- TASK OBJECTIVE
I would like every record reproduced exactly, with the pictures left out.

===

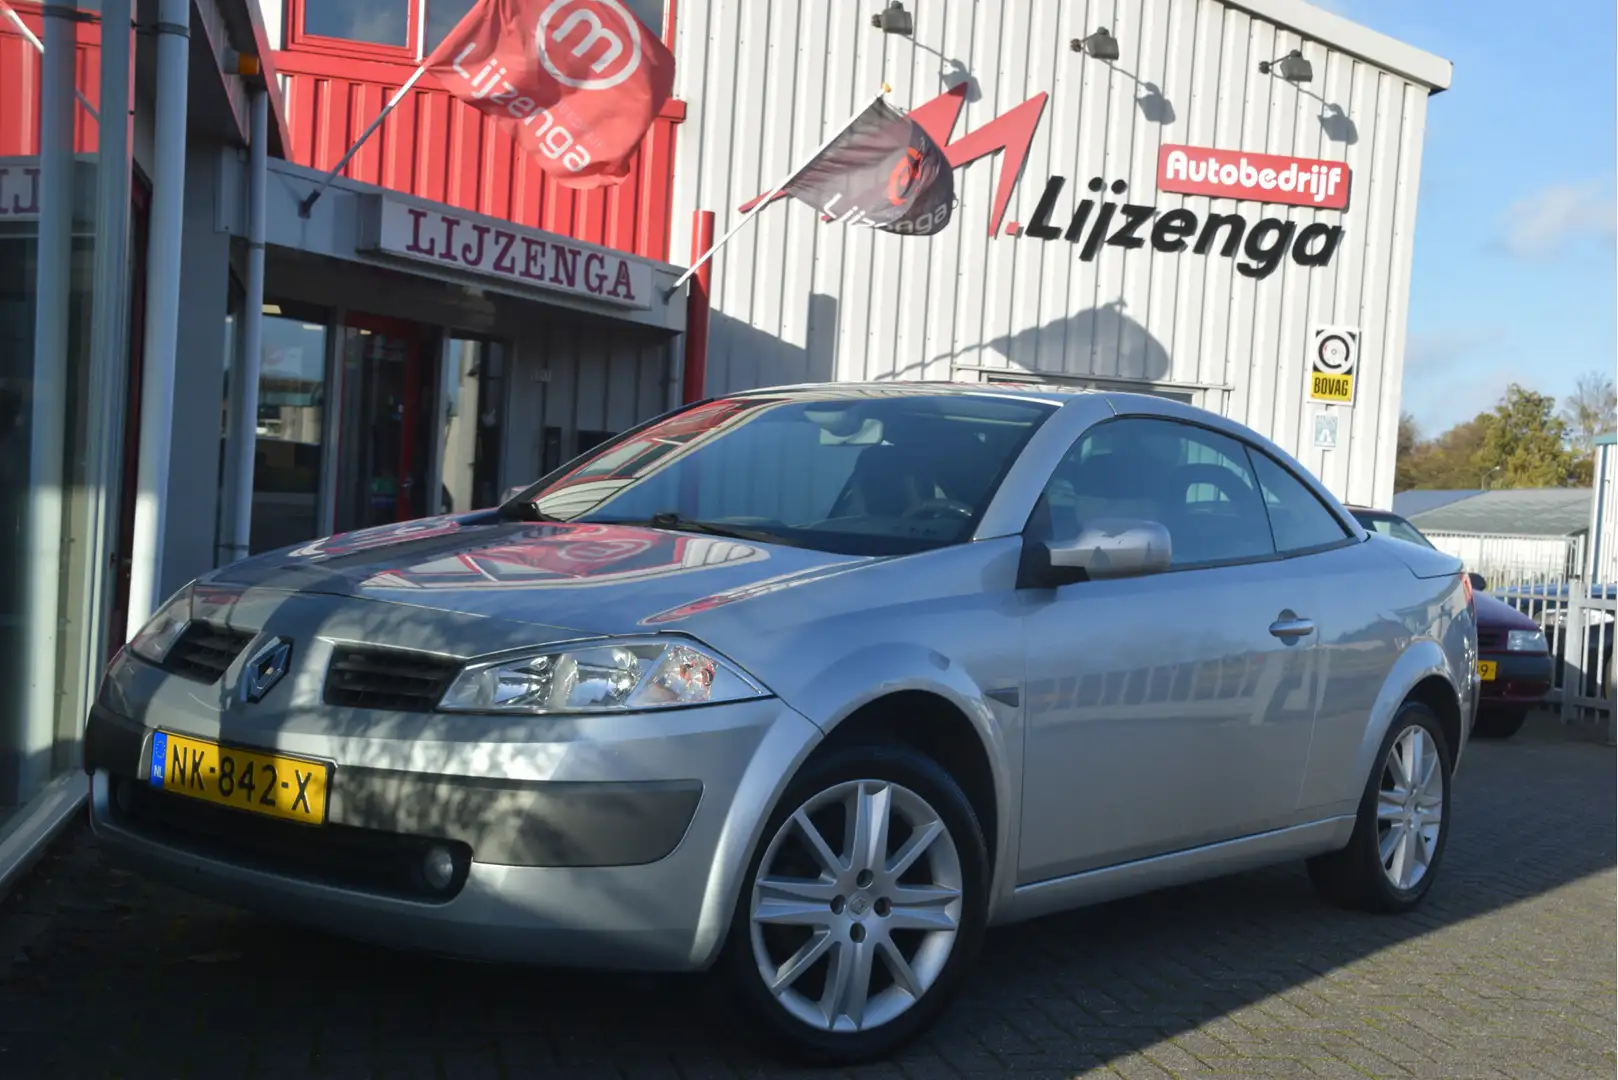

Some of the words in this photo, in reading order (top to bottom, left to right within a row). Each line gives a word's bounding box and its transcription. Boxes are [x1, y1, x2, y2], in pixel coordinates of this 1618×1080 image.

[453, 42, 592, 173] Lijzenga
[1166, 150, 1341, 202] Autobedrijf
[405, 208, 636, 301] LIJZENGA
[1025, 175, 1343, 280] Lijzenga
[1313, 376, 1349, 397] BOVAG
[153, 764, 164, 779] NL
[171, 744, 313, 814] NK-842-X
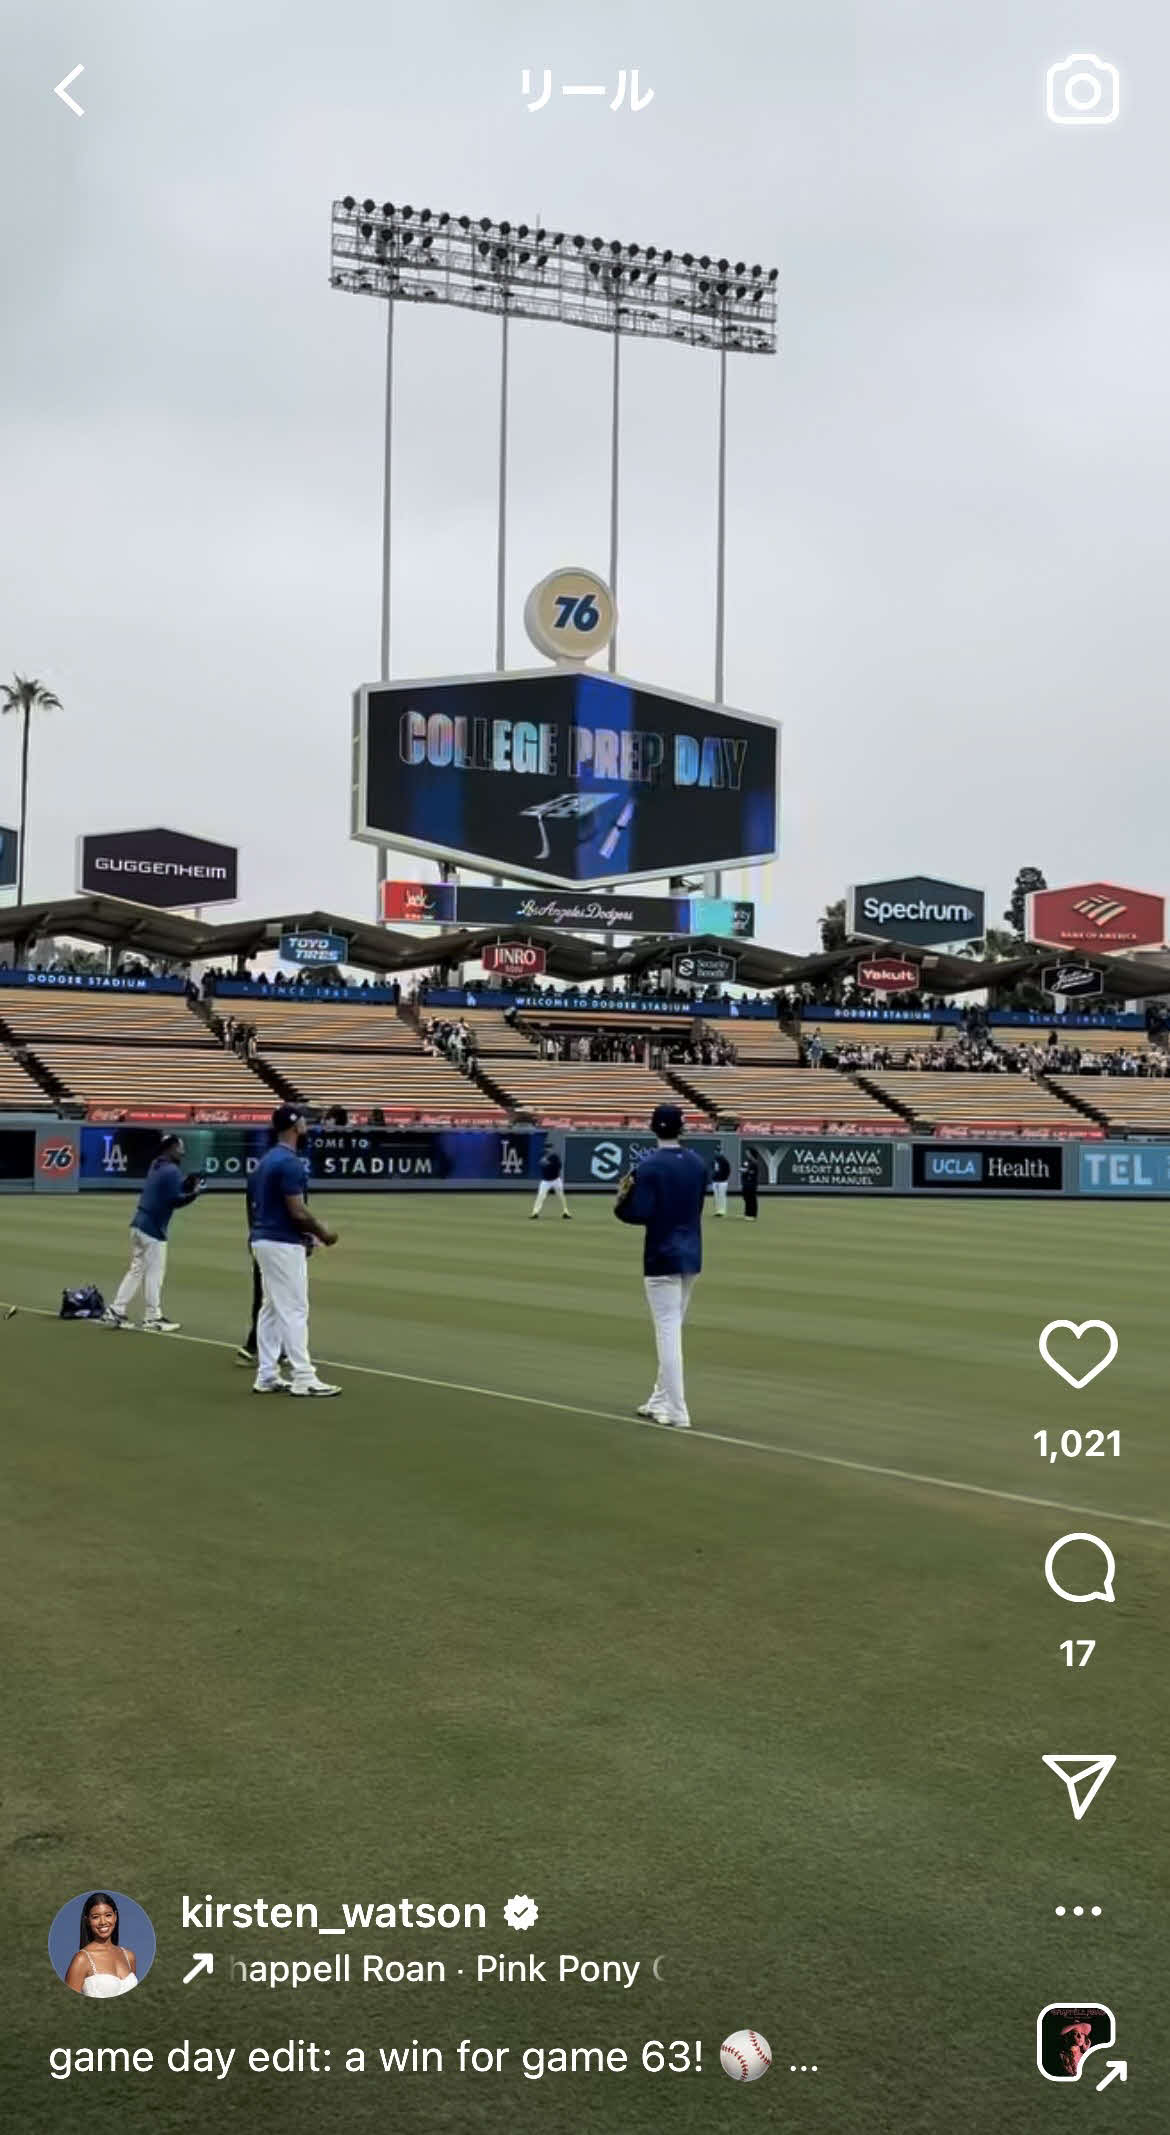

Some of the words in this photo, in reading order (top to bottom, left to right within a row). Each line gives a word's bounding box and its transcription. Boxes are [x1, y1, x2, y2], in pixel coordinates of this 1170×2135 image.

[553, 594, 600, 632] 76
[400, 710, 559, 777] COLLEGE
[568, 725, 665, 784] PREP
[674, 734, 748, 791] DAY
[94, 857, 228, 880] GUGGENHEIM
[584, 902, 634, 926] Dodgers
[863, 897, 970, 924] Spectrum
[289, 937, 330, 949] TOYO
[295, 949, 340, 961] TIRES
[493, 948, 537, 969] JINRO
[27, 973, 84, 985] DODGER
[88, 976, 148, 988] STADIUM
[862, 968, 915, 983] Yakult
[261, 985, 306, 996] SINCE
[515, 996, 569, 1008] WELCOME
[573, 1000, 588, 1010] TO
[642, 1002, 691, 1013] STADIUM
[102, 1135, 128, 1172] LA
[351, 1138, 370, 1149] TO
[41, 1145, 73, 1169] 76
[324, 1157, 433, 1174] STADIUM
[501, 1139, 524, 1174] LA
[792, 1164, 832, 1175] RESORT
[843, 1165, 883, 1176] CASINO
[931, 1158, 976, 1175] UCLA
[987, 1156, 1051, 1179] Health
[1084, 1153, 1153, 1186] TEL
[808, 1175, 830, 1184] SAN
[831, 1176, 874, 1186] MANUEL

===

- EXPECTED OUTPUT
Some of the words in this photo, in reading order (top to bottom, left to right within a row). Each line gives a word's bounding box and its transcription. Boxes are [x1, y1, x2, y2], in pixel coordinates of this 1618×1080 image.

[453, 42, 592, 173] Lijzenga
[1166, 150, 1341, 202] Autobedrijf
[405, 208, 636, 301] LIJZENGA
[1025, 175, 1343, 280] Lijzenga
[1313, 376, 1349, 397] BOVAG
[153, 764, 164, 779] NL
[171, 744, 313, 814] NK-842-X

Some of the words in this photo, in reading order (top to bottom, left to right within a row). Each line gives a word's bounding box and its transcription. Boxes are [x1, y1, x2, y2], in pixel coordinates of this 1170×2135 image.

[553, 594, 600, 632] 76
[400, 710, 559, 777] COLLEGE
[568, 725, 665, 784] PREP
[674, 734, 748, 791] DAY
[94, 857, 228, 880] GUGGENHEIM
[584, 902, 634, 926] Dodgers
[863, 897, 970, 924] Spectrum
[289, 937, 330, 949] TOYO
[295, 949, 340, 961] TIRES
[493, 948, 537, 969] JINRO
[27, 973, 84, 985] DODGER
[88, 976, 148, 988] STADIUM
[862, 968, 915, 983] Yakult
[261, 985, 306, 996] SINCE
[515, 996, 569, 1008] WELCOME
[573, 1000, 588, 1010] TO
[642, 1002, 691, 1013] STADIUM
[102, 1135, 128, 1172] LA
[351, 1138, 370, 1149] TO
[41, 1145, 73, 1169] 76
[324, 1157, 433, 1174] STADIUM
[501, 1139, 524, 1174] LA
[792, 1164, 832, 1175] RESORT
[843, 1165, 883, 1176] CASINO
[931, 1158, 976, 1175] UCLA
[987, 1156, 1051, 1179] Health
[1084, 1153, 1153, 1186] TEL
[808, 1175, 830, 1184] SAN
[831, 1176, 874, 1186] MANUEL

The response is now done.